Interesting problems usually can't be solved in closed form or using polynomial algorithms. Shipping companies must exploit non-linear constraints involving profit margins, demand, and volume, and still keep the boats moving. The same goes for optimal substring search for microarray design or optimal DNA design. The people who program the practical solutions to these problems comprise the elite of their technical organization. They combine versatality, imagination, and programming talent. I call them omniheurists -- solvers of all problems.
This course aims to develop your skills as an omniheurist. We will study problems that require heuristics and approximation algorithms. The heuristics include branch and bound, simulated annealing, tabu searching, evolutionary algorithms, and adaptive gradient methods. Approximation algorithms to NP-complete problems will help for subproblems. The problems take minutes to explain but the challenge they pose will keep you busy in a creative way for several hours. I don't promise an easy course, but I believe you will enjoy this class and find it useful.
The goal of this course is to train you to face a new problem, integrate techniques you have learned, arrive at a preliminary solution rapidly, refine it as you learn more about it, and be able to demonstrate (experimentally and sometimes competitively) that the solution is both efficient and close to the best possible.
Prerequsities: this is a course for students who can think creatively about algorithms and are willing to prototype them. I will spend an hour teaching the prototyping language I use (for all of my research) but you are free to use any you like (e.g. python, perl, Java, Ruby even C). R and Matlab may not be fast enough, but you can try.

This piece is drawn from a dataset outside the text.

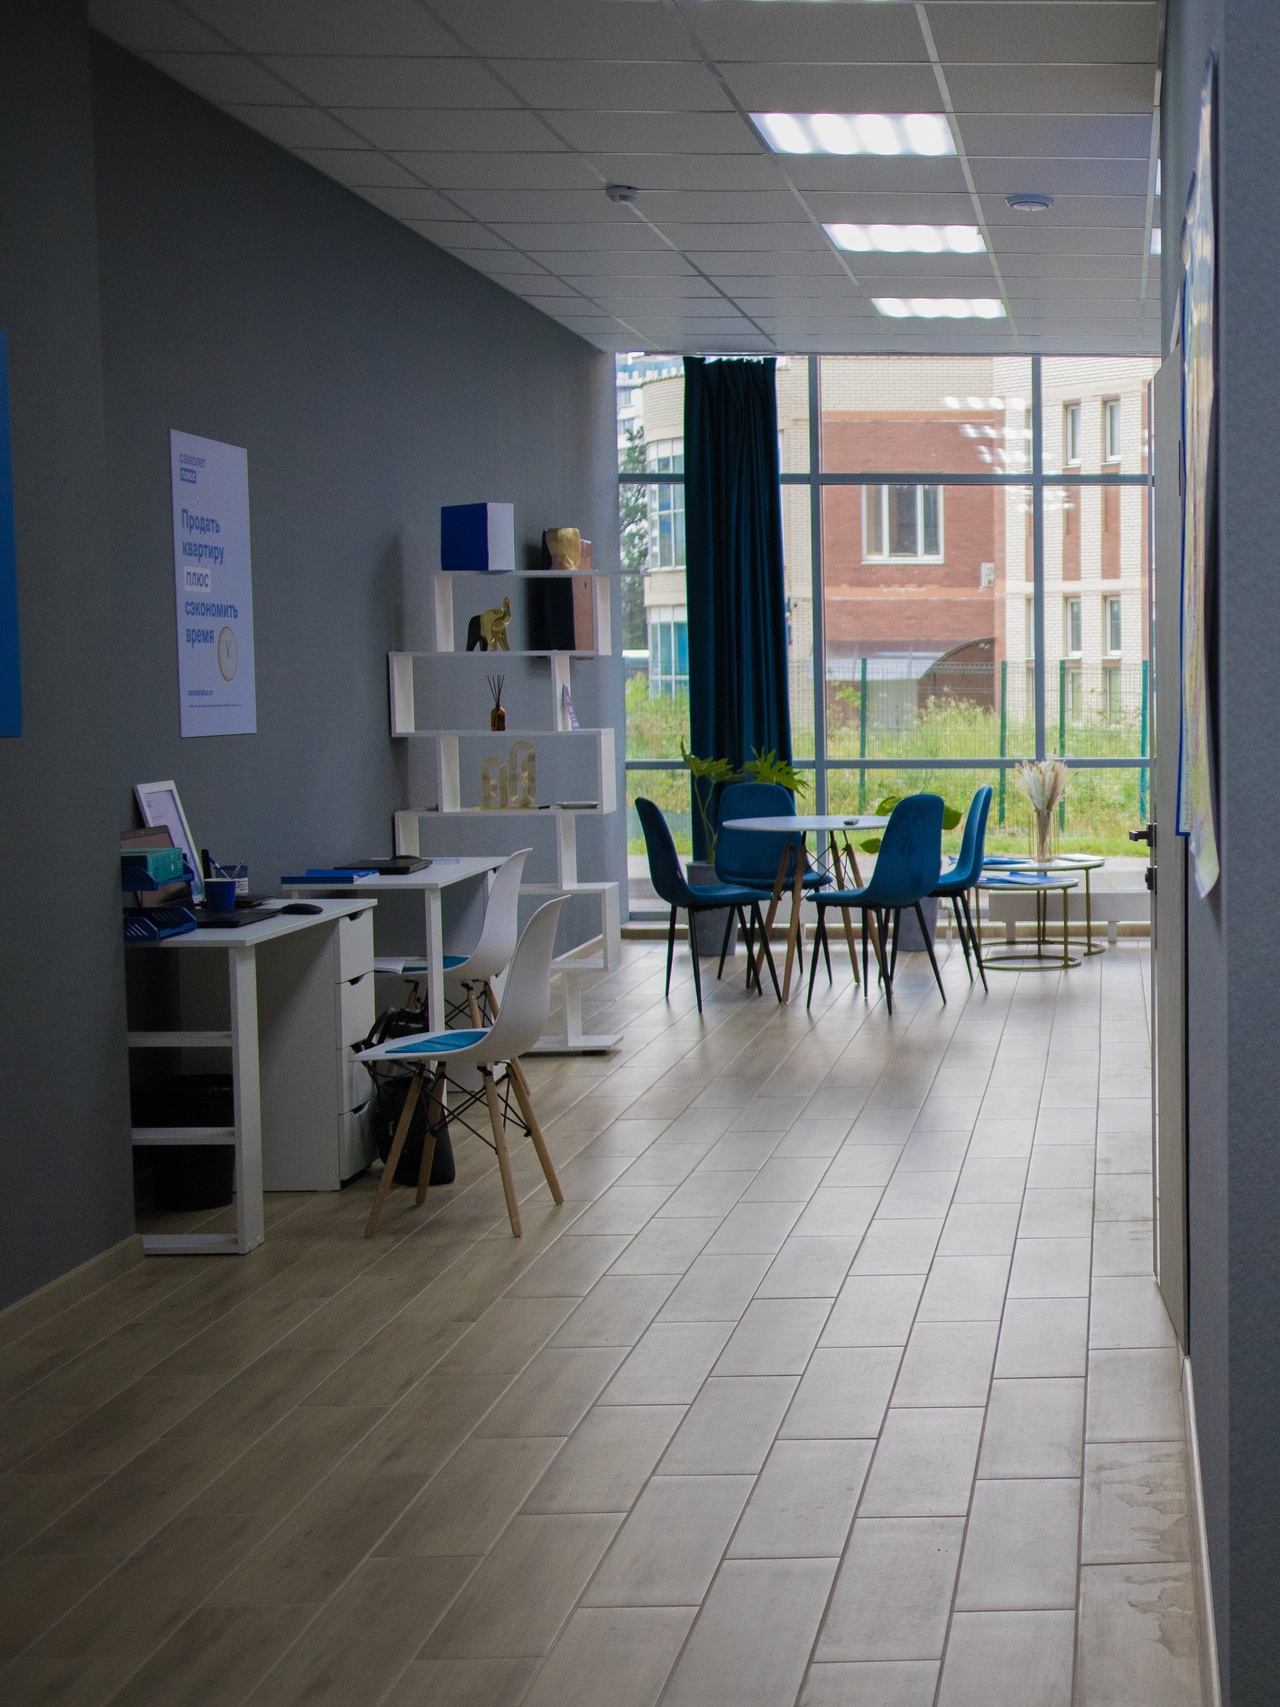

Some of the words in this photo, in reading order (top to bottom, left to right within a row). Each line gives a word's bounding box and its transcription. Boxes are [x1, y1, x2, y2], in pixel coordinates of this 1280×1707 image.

In the fall of 2024, course problems will be drawn from biological computing, geometry, adversarial game playing, and concept drift in machine learning. I will present all necessary domain knowledge in each case. We will have in-class friendly competitions in which the winner receives a small piece of chocolate as a prize. The competitions will involve adversarial games or competitive solutions. For example, you might have to achieve a goal in the context of an adversary who can cause failures or otherwise try to thwart you. At the end, you will be able to face a difficult problem in an area where the domain is not familiar to you, but still be able to contribute a computational solution. You will also learn how to explain your solutions to a small group (because I will make you do it here). I'm told that students who survive this course become friends for life.
You have the option of working alone or in a team of two (but no more). In some cases the problem will be an as yet unanalyzed game and your team's task will be to compete with other teams.

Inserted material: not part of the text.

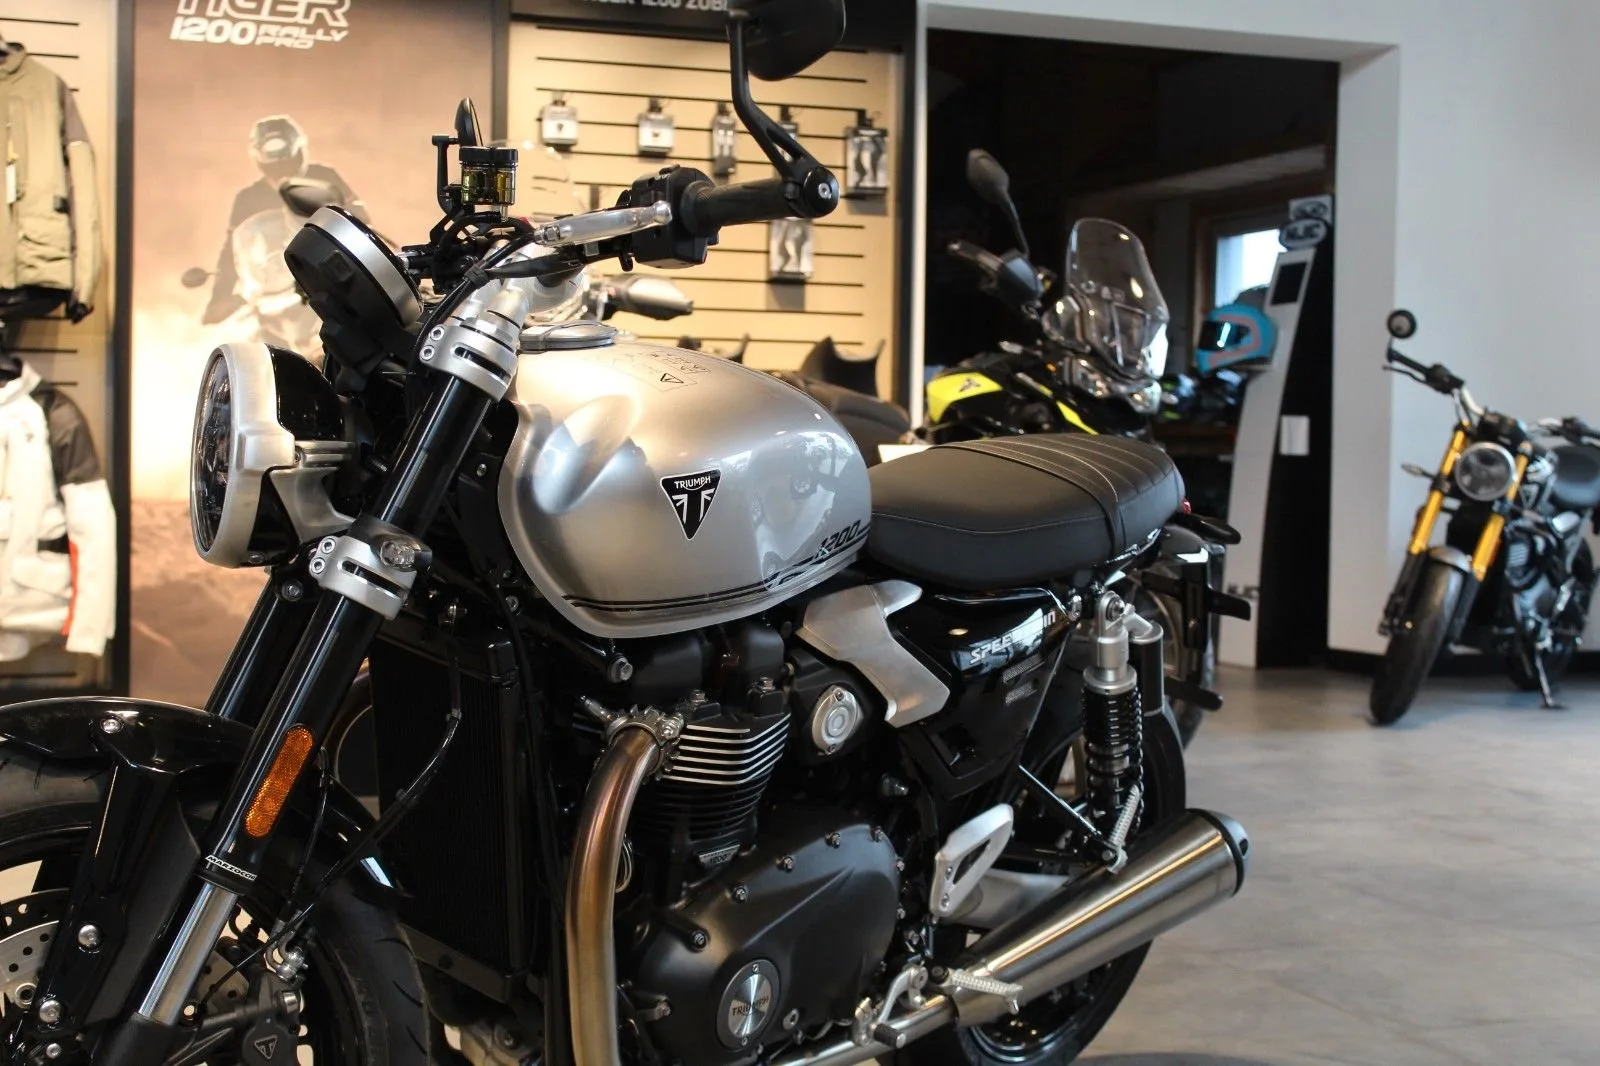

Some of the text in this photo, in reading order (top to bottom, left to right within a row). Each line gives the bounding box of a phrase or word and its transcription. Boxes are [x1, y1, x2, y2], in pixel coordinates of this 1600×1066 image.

[169, 16, 349, 46] 1200 RALLY
[255, 36, 314, 49] PRO
[674, 475, 711, 490] TRIUMPH

Use of large language models is permitted These will be tools available to you throughout your career, so I encourage you to use them. When you describe your solution, share the prompt you used, the result of the prompt, and how you used the result.
The games are often games of strategy and full information. A side effect of each effort will be an evolving Omniheurist website that attracts many visitors over the years.
Two members of the class of 2017 worked out a communication infrastructure that architects can use: The git repo for the package is this address It includes a sample auction game as a demo. The code can be installed with 'pip install --user hps-nyu' Only Python specific aspects (i.e. the servers and the Python clients) of the package are installed. The C++ and Java clients need to be copied from the git repo.
Sometimes, you will have a design problem, but in all cases you will work as a member of your team. In addition, an alumnus from 2007, Arefin Huq wrote up his thoughts about how to solve problems. Definitely worth a read.
This is hands-on computer science. I will lecture only on a few topics -- dynamic programming, a superfast vector language k, game-playing in AI, a description of the puzzles, heuristic techniques, and approximation algorithms for NP-complete problems. I will also serve as a moderator for class discussion. You will be graded on how your program works, on your insights in class, and on your verbal explanation of the strategies you use (including the prompts you used if you use a large language model). If your program does not run, you do not present. This is a rubber-meets-the-road kind of course. Attendance (even if only by zoom) is therefore mandatory unless you have a written excuse from a physician or an employer.
Similar courses have been given by Donald Knuth at Stanford and Ken Ross at Columbia.